[Start of section]
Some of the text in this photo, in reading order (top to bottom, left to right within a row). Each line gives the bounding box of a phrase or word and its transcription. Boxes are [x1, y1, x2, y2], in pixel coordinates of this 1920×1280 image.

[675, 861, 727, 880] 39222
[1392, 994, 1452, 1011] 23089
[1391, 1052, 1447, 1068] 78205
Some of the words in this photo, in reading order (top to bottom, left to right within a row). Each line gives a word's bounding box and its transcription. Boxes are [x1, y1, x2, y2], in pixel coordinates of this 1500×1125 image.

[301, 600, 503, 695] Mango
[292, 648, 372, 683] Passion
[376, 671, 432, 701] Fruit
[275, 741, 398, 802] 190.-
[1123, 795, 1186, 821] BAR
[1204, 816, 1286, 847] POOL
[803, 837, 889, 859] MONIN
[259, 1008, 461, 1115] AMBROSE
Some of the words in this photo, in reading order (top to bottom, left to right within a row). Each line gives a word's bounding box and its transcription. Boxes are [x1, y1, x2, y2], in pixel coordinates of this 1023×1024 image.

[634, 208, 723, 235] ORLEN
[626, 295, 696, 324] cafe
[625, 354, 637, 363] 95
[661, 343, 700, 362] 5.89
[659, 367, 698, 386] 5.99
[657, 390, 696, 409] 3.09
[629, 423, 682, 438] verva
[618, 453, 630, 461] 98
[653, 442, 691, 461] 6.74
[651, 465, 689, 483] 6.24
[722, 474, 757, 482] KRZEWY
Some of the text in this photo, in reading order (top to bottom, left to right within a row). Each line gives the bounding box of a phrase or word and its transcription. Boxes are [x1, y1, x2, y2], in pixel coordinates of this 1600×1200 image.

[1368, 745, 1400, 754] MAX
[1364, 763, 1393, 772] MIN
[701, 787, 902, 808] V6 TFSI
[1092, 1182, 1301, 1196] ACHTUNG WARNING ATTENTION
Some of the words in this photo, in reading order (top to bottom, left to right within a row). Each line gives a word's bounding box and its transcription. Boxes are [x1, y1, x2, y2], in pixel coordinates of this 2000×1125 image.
[End of section]
Word for word, repeat each line of the listing.

* _Your response_:
Some of the text in this photo, in reading order (top to bottom, left to right within a row). Each line gives the bounding box of a phrase or word and its transcription. Boxes are [x1, y1, x2, y2], in pixel coordinates of this 1920×1280 image.

[675, 861, 727, 880] 39222
[1392, 994, 1452, 1011] 23089
[1391, 1052, 1447, 1068] 78205
Some of the words in this photo, in reading order (top to bottom, left to right within a row). Each line gives a word's bounding box and its transcription. Boxes are [x1, y1, x2, y2], in pixel coordinates of this 1500×1125 image.

[301, 600, 503, 695] Mango
[292, 648, 372, 683] Passion
[376, 671, 432, 701] Fruit
[275, 741, 398, 802] 190.-
[1123, 795, 1186, 821] BAR
[1204, 816, 1286, 847] POOL
[803, 837, 889, 859] MONIN
[259, 1008, 461, 1115] AMBROSE
Some of the words in this photo, in reading order (top to bottom, left to right within a row). Each line gives a word's bounding box and its transcription. Boxes are [x1, y1, x2, y2], in pixel coordinates of this 1023×1024 image.

[634, 208, 723, 235] ORLEN
[626, 295, 696, 324] cafe
[625, 354, 637, 363] 95
[661, 343, 700, 362] 5.89
[659, 367, 698, 386] 5.99
[657, 390, 696, 409] 3.09
[629, 423, 682, 438] verva
[618, 453, 630, 461] 98
[653, 442, 691, 461] 6.74
[651, 465, 689, 483] 6.24
[722, 474, 757, 482] KRZEWY
Some of the text in this photo, in reading order (top to bottom, left to right within a row). Each line gives the bounding box of a phrase or word and its transcription. Boxes are [x1, y1, x2, y2], in pixel coordinates of this 1600×1200 image.

[1368, 745, 1400, 754] MAX
[1364, 763, 1393, 772] MIN
[701, 787, 902, 808] V6 TFSI
[1092, 1182, 1301, 1196] ACHTUNG WARNING ATTENTION
Some of the words in this photo, in reading order (top to bottom, left to right within a row). Each line gives a word's bounding box and its transcription. Boxes are [x1, y1, x2, y2], in pixel coordinates of this 2000×1125 image.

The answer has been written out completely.